Gabelli Funds, LLC

U.S. stocks rebounded in January, a reprieve for investors who endured a challenging 2022.

U.S. stocks rebounded in January, a reprieve for investors who endured a challenging 2022. The rally for stocks was driven by investors’ increased confidence that interest rates may be near peak levels. The market is starting to price in the possibility that the Federal Reserve may soon pause rate hikes followed by interest rate cuts in the second half of 2023. As a result, riskier assets have benefitted from the rally, such as growth companies as well as stocks with high short interest. While general market sentiment improved, there is some caution on whether the move represented a real inflection point or yet another bear-market trap.
As January concluded, the market entered the busiest part of the Q4 earnings season. While only a portion of companies have reported thus far, management commentary remains conservative amid the uncertain demand backdrop. Despite lower earnings expectations, the tone of the market seemed to align more with soft-landing expectations than hard-landing scenarios.
On February 1st, the Federal Reserve announced a 25bps rate hike at the end of its two-day policy meeting, citing persistent inflation. This hike now brings the targeted federal funds rate to 4.50-4.75%, up from 0.00-0.25% prior to the initial increase in March 2022. The Fed anticipates that ongoing increases in the target range will be appropriate in order to return inflation to 2% over time. Fed Chair Jerome Powell said that the full effects of interest rate increases had yet to be felt, and that there was still more work to do. The next FOMC meeting is March 21st-22nd.

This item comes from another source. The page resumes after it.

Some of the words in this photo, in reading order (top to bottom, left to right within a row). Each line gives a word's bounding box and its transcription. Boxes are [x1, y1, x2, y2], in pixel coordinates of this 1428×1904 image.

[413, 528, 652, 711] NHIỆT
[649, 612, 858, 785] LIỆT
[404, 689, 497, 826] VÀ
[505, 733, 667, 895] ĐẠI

After almost three years, China reopened its borders on January 8th and ended a requirement for incoming travelers to quarantine, dismantling the last component of its stringent zero-COVID policy. Investors are optimistic that the reopening and recovery of the world’s second-largest economy should help spur a broader economic revival.

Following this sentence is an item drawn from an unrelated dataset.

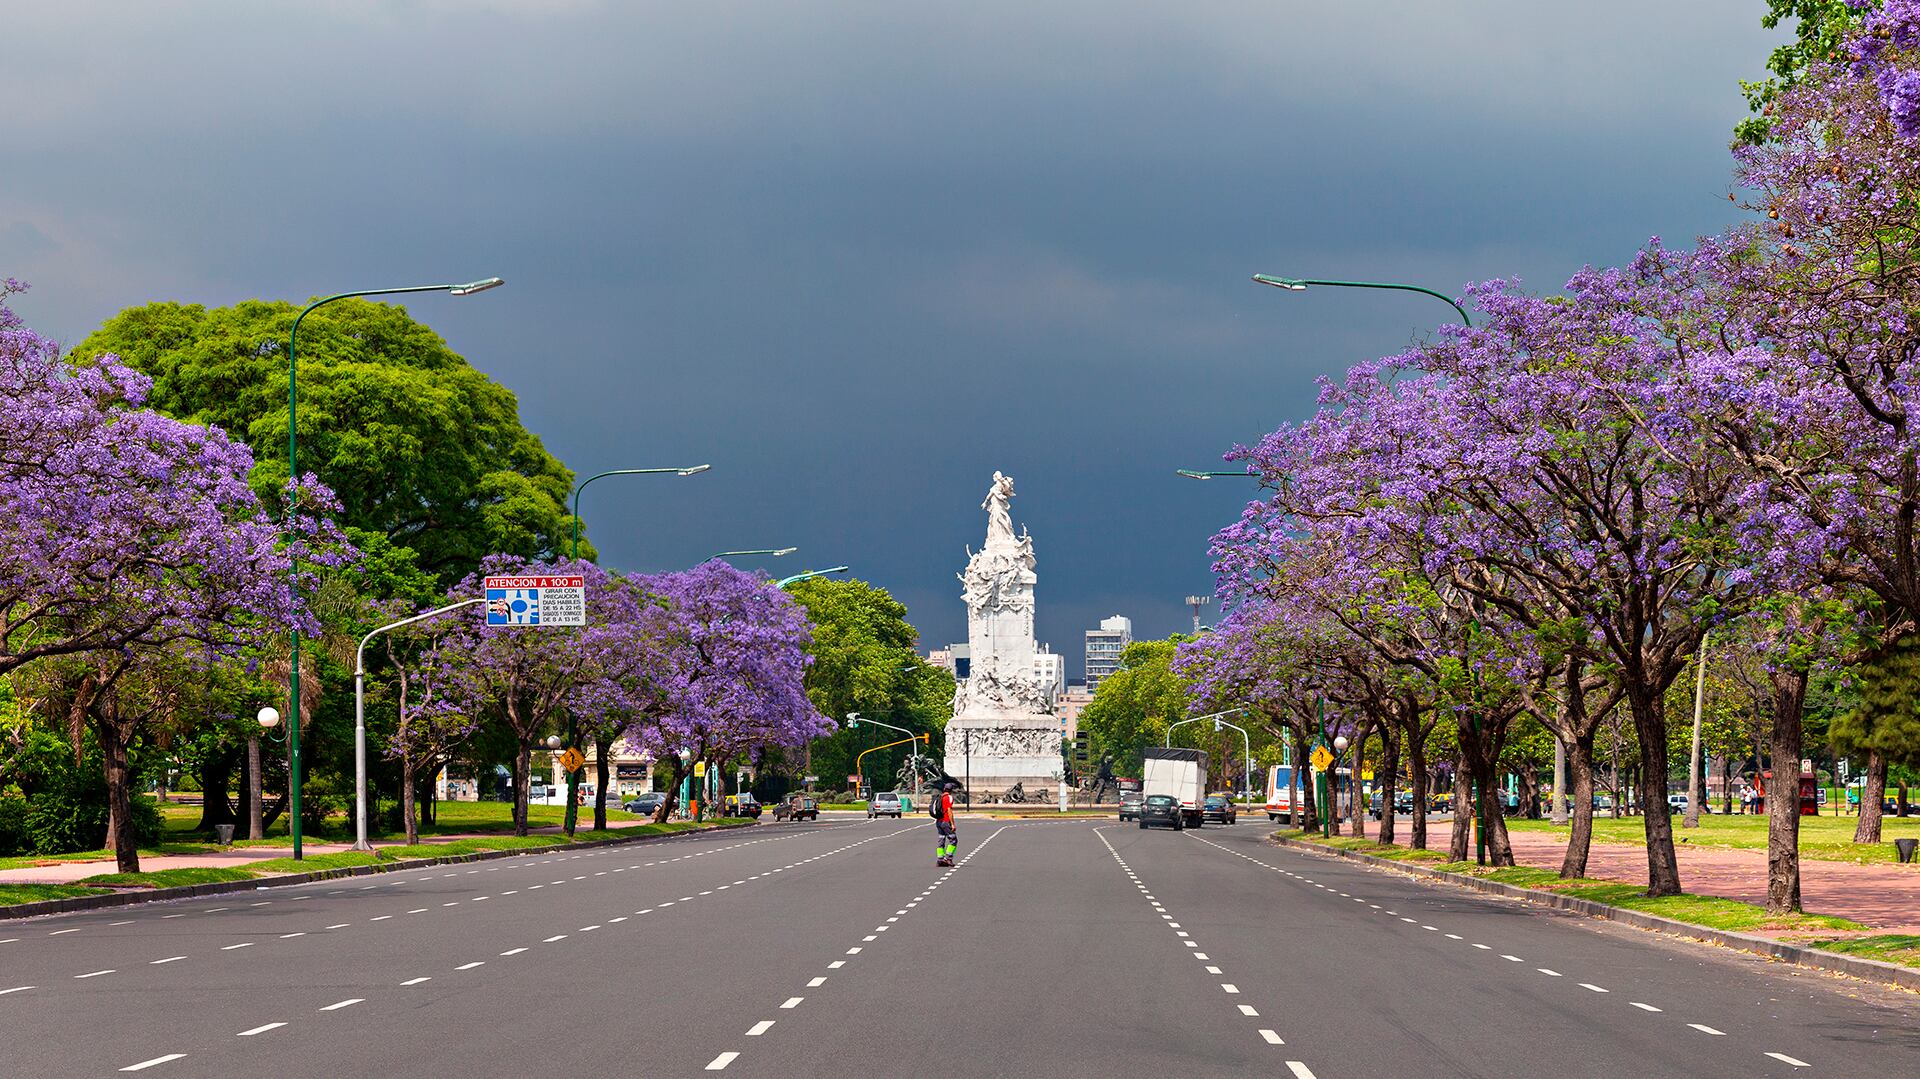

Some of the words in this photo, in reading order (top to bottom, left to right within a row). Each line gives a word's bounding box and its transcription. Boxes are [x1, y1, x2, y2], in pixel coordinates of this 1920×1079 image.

[488, 578, 536, 587] ATENCION
[540, 578, 548, 587] A
[551, 578, 568, 587] 100

Merger arb performance in January was bolstered by deals that made significant progress towards closing. Shaw Communications (SJR/B CN-C$39.60-Toronto) and Rogers Communications were victorious defending their C$25 billion merger against the Canadian Competition Bureau in Canada’s Federal Court of Appeals. The parties now await approval from the Canadian Department of Innovation, Science and Economic Development, the final remaining approval before the deal can close. South Jersey Industries, Sierra Wireless, and Meridian Biosciences each received the final required regulatory approvals and the three deals closed in January. Deals announced in January including Evoqua Water Technologies’ $8 billion acquisition by Xylem, Magnet Forensics’ C$1 billion acquisition by Thoma Bravo, and CinCor Pharma’s $2 billion acquisition by AstraZeneca are creating new opportunities for investment.

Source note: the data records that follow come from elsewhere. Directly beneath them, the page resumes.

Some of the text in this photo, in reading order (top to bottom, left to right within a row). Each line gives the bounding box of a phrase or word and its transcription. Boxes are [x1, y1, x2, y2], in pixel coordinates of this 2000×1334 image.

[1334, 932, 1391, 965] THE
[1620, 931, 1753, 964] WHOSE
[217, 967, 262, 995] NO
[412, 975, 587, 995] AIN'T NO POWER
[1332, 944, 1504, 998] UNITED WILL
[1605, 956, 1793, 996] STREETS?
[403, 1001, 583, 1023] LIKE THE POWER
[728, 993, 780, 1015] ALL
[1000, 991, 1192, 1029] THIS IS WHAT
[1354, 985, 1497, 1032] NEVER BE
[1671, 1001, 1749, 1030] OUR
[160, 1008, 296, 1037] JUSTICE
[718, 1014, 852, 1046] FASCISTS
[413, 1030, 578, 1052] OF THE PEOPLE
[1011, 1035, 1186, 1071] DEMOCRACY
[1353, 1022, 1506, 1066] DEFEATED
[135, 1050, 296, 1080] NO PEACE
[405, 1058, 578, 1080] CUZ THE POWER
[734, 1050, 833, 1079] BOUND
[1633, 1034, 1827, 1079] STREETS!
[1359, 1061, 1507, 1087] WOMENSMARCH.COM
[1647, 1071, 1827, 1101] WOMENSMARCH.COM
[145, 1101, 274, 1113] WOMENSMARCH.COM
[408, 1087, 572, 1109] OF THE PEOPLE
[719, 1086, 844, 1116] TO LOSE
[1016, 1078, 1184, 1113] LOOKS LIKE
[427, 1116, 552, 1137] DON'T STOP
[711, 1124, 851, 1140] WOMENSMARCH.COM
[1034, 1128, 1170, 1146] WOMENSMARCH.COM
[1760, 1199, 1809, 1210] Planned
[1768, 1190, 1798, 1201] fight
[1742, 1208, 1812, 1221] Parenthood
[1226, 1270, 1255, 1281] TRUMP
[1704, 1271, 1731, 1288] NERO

Convertibles got off to a strong start in 2023 with the best month for performance since 2020, led by a number have factors, but generally the appetite for risk has increased to begin the year.  Additionally, we have seen some of the worst performers from 2022 be the best performers YTD. A few of our fixed income equivalent holdings have benefited from a "credit delta" where an improved perception of a company's balance sheet and access to capital causes investors to bid up the bonds. The result has been one month returns that many investors were expecting for the entirety of 2023.
We continue to see opportunity in the convertible market this year. The fixed income equivalent issues still offer compelling yields to maturity even after the recent moves. Many of these bonds are the only debt on the balance sheet and have 3 to 4 years until maturity. We expect these bonds to accrete to par over time, building a solid foundation for performance. We have seen some companies address these bonds by buying them back in the open market or by offering an exchange for a new convertible. We anticipate more exchange offers as the year progresses. It is also likely that some convert issuers will be acquisition targets which would make their bonds puttable at par if the acquisition is for cash, or convertible into the acquiring company if shares are used. Either outcome should be desirable to convert owners.
New issuance continued to be anemic this month, but what did come saw significant demand with upsized deals pricing at the rich end of the price talk. We expect companies to use convertibles when raising capital this year to reduce interest expense and extend maturities in a covenant lite structure. We believe many companies have delayed coming to the market and converts offer an attractive way for companies to add low cost capital to their balance sheets. Continued issuance allows us to stay current and we expect to selectively layer new issues into our portfolio to maintain the asymmetrical risk profile we are seeking to achieve.